The CPI also gives the country a score of 41 out of a possible clean score of 100 for the same period, indicating that the country had improved upon its performance by one point from the 2017 score of 40.
The score, according to the Ghana Integrity Initiative (GII), the local chapter of Transparency International was a positive departure from the continuous drop the country has been experiencing since 2015.
The Ghanaian Times cannot agree more with GII that the 2018 score is a positive departure from the continuous drop that the country has been experiencing.
Sadly however, we do not think the drop can be linked directly to reduction in corruption in the country.
Mind you, the rankings are based only on corruption perception and therefore would be misleading for anyone to think that the performance represents anything close to reduction of corruption in the country.
Corruption is endemic and can be found in every sphere of life not only in Ghana but almost all countries in varying degrees.
The degree to which it impacts the lives of the people also affects the development of the country.
More directly, common people are mostly affected because corruption increases poverty.

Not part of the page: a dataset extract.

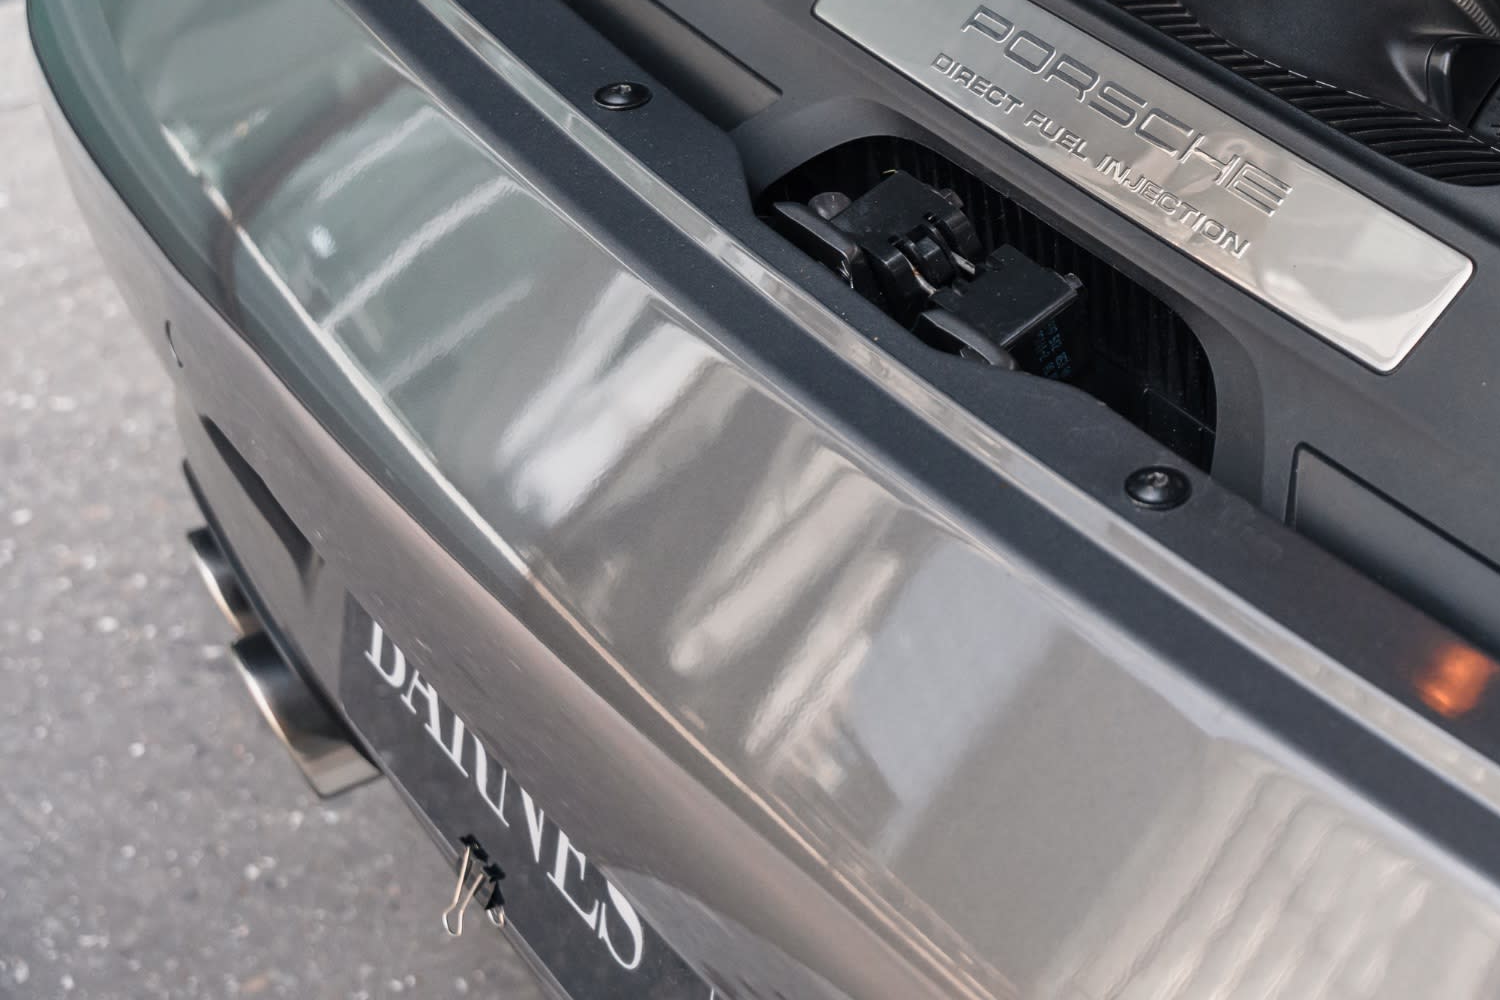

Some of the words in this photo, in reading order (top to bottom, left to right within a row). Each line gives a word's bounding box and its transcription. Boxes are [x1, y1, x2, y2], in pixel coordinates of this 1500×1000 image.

Today, across the country, poverty has become a scourge and the level of development in some parts of the country clearly shows that state resources to these areas may not be getting to the people.
At the higher level and particularly in public service, corruption is always cited as the bane of development of the country.
And that is why many people believe that corruption cannot be eradicated in spite of efforts by government including the establishment of the Office of Special Prosecutor (OSP).
As a matter of fact, corrupt activities including bribery take place under our noses and many of us condone the practice in many varied ways.
Although it is a good sign that corruption perception is going down, we want to see corruption also going down in our everyday lives.
It is not enough for us to be scoring high marks for corruption perception and be vocal about it and yet continue with the bad practice.
We rather must work to eradicate corruption in police, judiciary, health, land administration, public procurement among others.